How to Remove Formaldehyde with An Air Cleaner
Formaldehyde causes cancer and it is pertinent to know more about its removal. You can find this deadly chemical in glues, paints, lacquers and finishes. Formaldehyde is a human carcinogen that is also used in permanent press fabrics and in paper products. Not every air purifier can remove formaldehyde. In fact, the models you can buy in most department stores won’t have the filters required to remove formaldehyde and other dangerous chemicals.
Due to the fact that most air purifiers rely simply on HEPA filters alone, these are great for filtering out fine particles, however, they are unable to remove VOCs (Volatile Organc Compunds) such as formaldehyde.

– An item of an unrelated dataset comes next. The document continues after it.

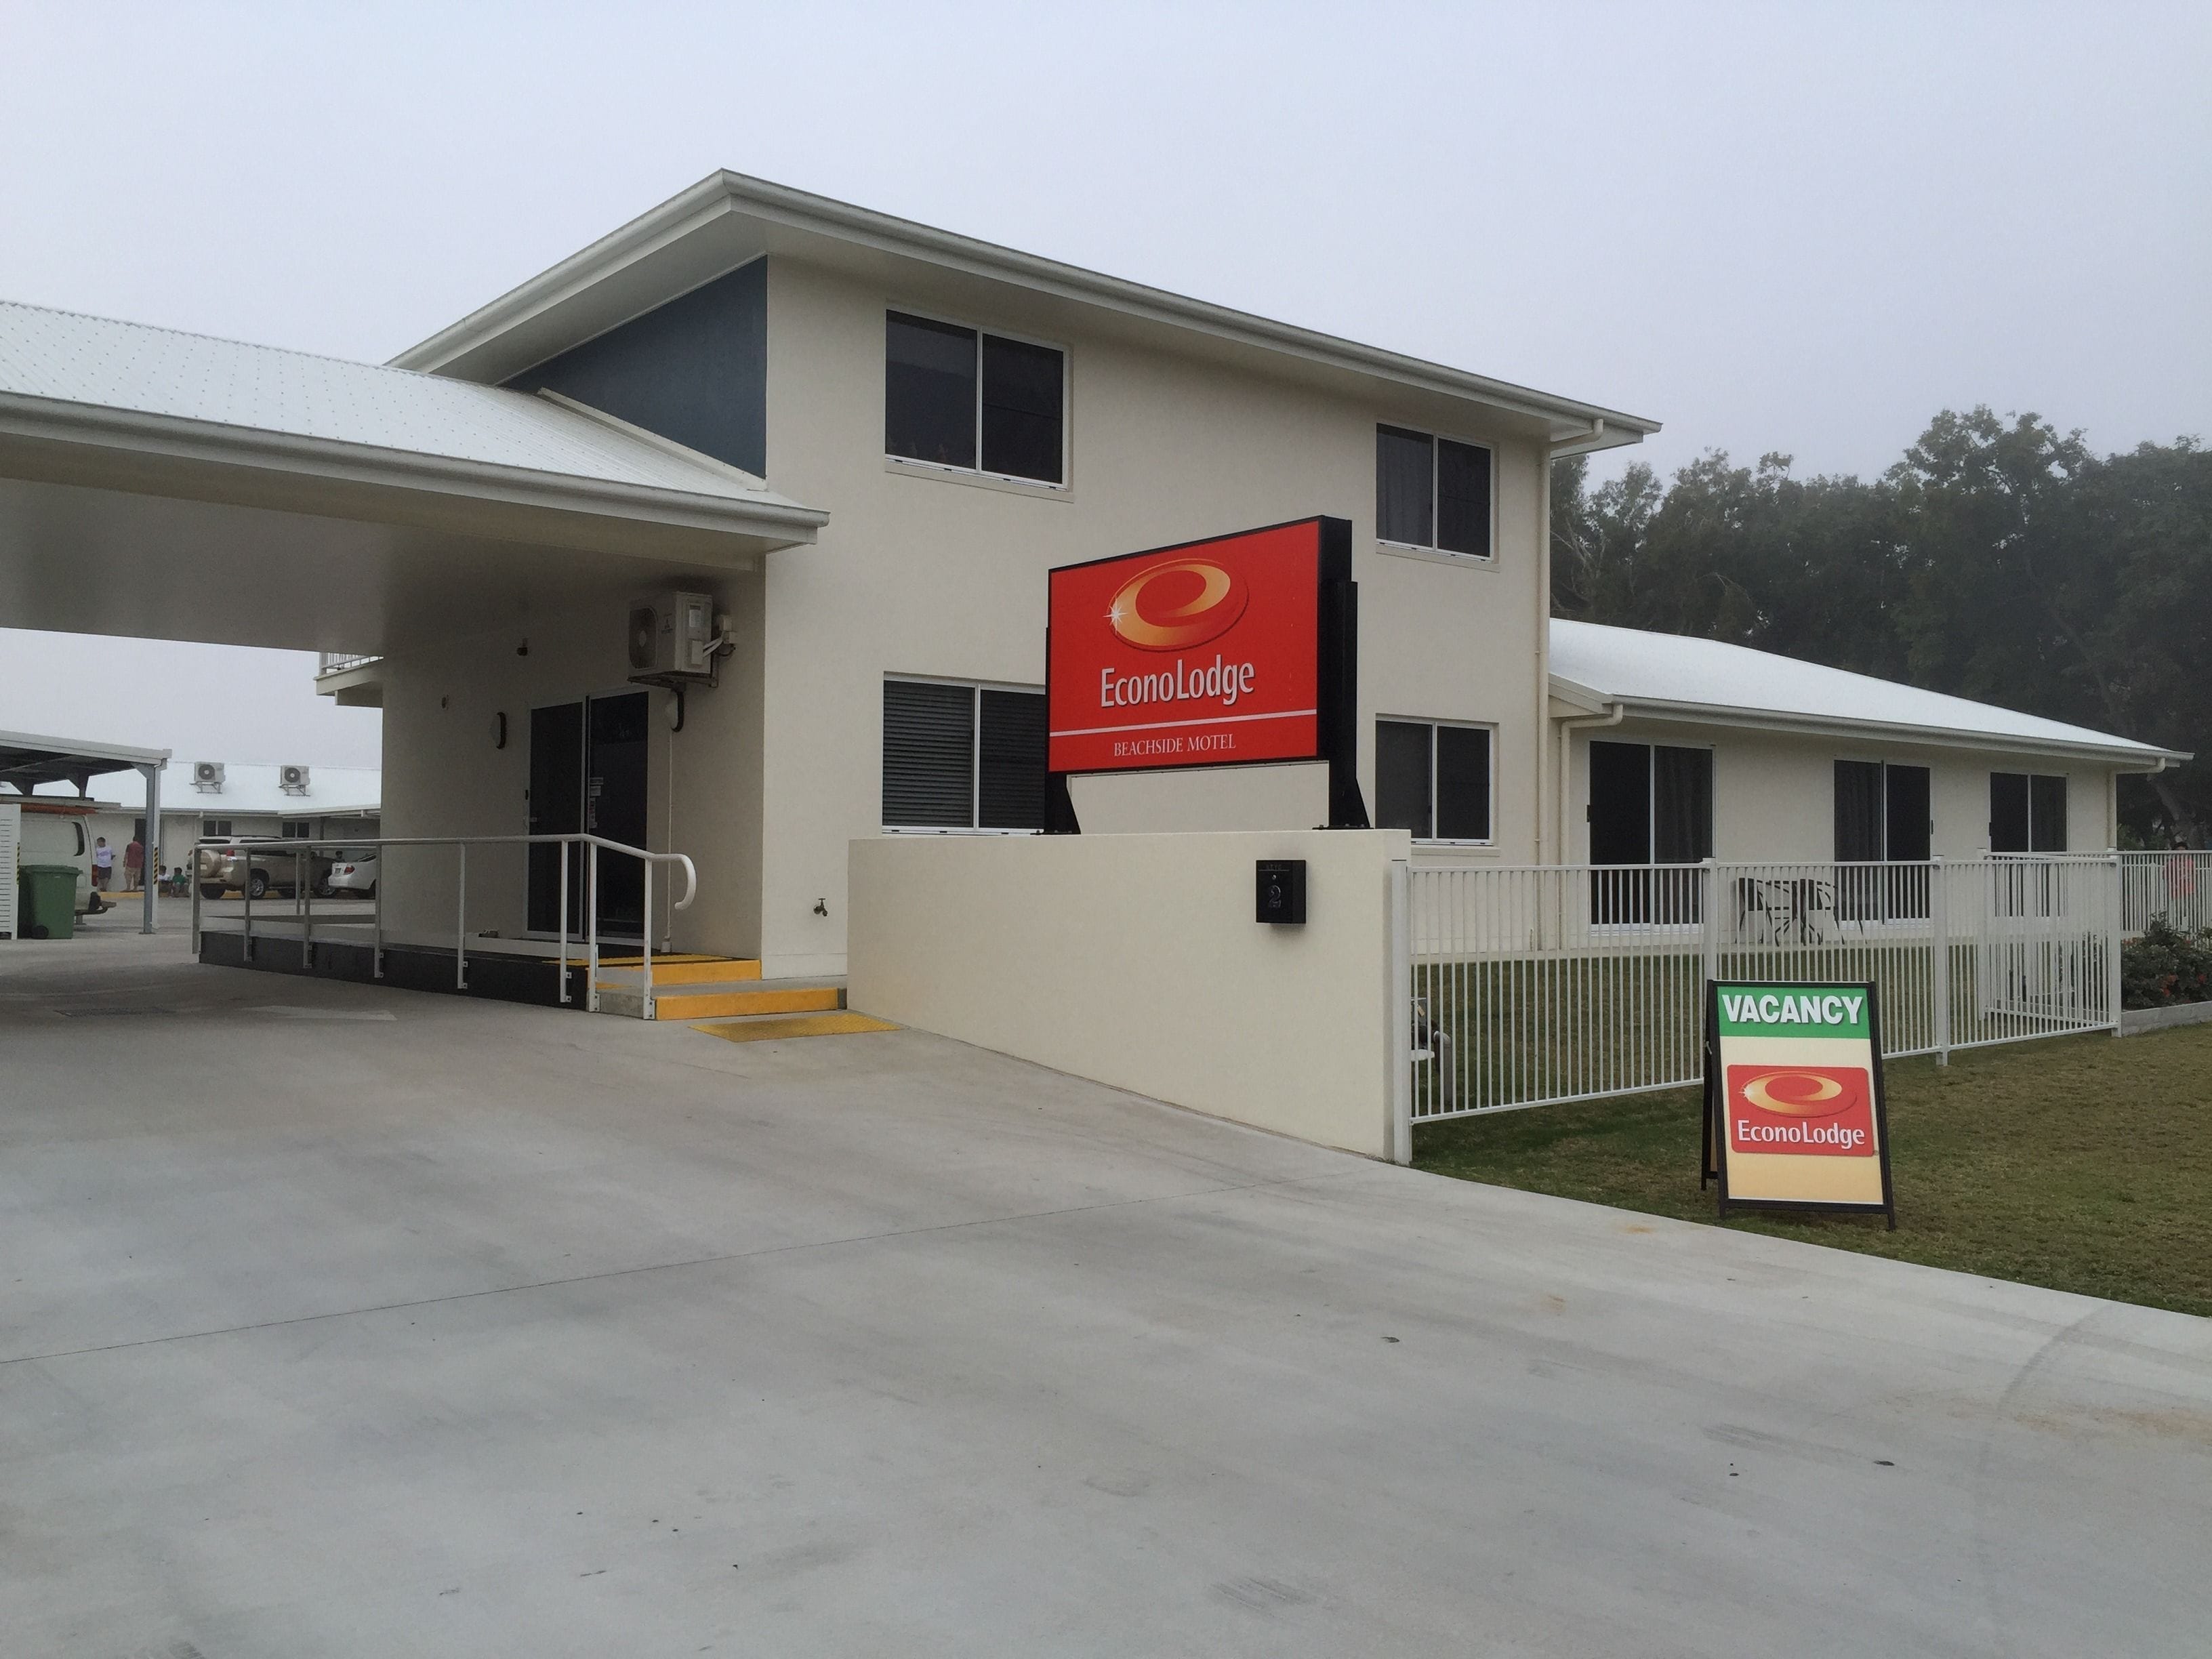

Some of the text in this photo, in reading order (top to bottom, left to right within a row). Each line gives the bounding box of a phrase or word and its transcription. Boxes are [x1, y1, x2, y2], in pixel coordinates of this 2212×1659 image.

[1101, 655, 1255, 708] EconoLodge
[1113, 734, 1237, 757] BEACHSIDE MOTEL
[1721, 994, 1863, 1025] VACANCY
[1737, 1120, 1865, 1149] EconoLodge

The best option for chemical and odor filtration is granular activated carbon. Activated carbon is charcoal or another natural substance (such as coconut shell) that was treated with oxygen to make it very porous so that it can adsorb chemicals, gases and odors from gases or liquids. Adsorption (different from absorption) means that these volatile organic compounds like formaldehyde attach themselves by way of chemical reaction to the surface of the activated carbon, meaning they are trapped in there.
This means that air purifiers with activated carbon filters can reduce ones exposure to, if not eliminate completely, formaldehyde and hundreds of other chemicals from the ambient air. Activated carbon has a high-efficiency rating when it comes to removing formaldehyde. In one independent test, an air purifier with an 18 lb. activated carbon filter was able to remove high levels of formaldehyde from a closed-off room in under six hours.

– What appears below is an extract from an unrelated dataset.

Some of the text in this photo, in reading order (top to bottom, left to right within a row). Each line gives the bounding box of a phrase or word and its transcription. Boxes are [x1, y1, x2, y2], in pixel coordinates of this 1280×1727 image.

So, if you combine an activated carbon filter with a HEPA filter, the air purifier will be able to remove chemicals such as formaldehyde as well as particles and provide better overall indoor air quality. The amount of activated carbon is important. The more activated carbon the more efficient and longer-lasting the filters.
Formaldehyde is just one chemical out of thousands on the market today, and it’s only one of several hundred you might be exposed to each day and it keeps coming up in the news and in government-issued warnings. Do you need to care?

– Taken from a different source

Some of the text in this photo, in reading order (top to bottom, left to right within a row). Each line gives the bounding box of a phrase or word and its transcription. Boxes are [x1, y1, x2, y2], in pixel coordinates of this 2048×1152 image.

Yes. Formaldehyde is very much a concern to you since it is used in so many household products and materials.
Formaldehyde exists in construction and building materials in most modern homes. It’s common in composite wood products such as plywood and particleboard. It may be in your home’s insulation. It is even used as a preservative in some medicines, cosmetics, fabric softeners as well as dish-washing liquids. Formaldehyde is released in tobacco smoke, word-burning and gas stoves. So, chances are fairly high that you and your family (and pets, co-workers, etc.) are exposed to formaldehyde in your home or office.
What exactly is formaldehyde?
Formaldehyde is a colorless, flammable, non-smelling gas that belongs to a group of organic compounds called aldehydes, which are formed by the oxidation of alcohols. Another typical aldehyde is acetaldehyde, a common chemical in the environment that may also be formed in the body from the breakdown of ethanol. Suffering from a hangover? Now you know why.
The reason why people are starting to take notice is that formaldehyde has been linked to cancer over time and sometimes, exposure can lead to immediate health effects. The EPA lists symptoms such as watery eyes, burning sensations in the eyes and throat, nausea, and difficulty in breathing. These effects can often be seen in people who were exposed to elevated levels (above 0.1 parts per million). High concentrations may also trigger attacks in people with asthma. Some individuals may develop a sensitivity to formaldehyde after being exposed to the VOC over a long time or in high concentrations..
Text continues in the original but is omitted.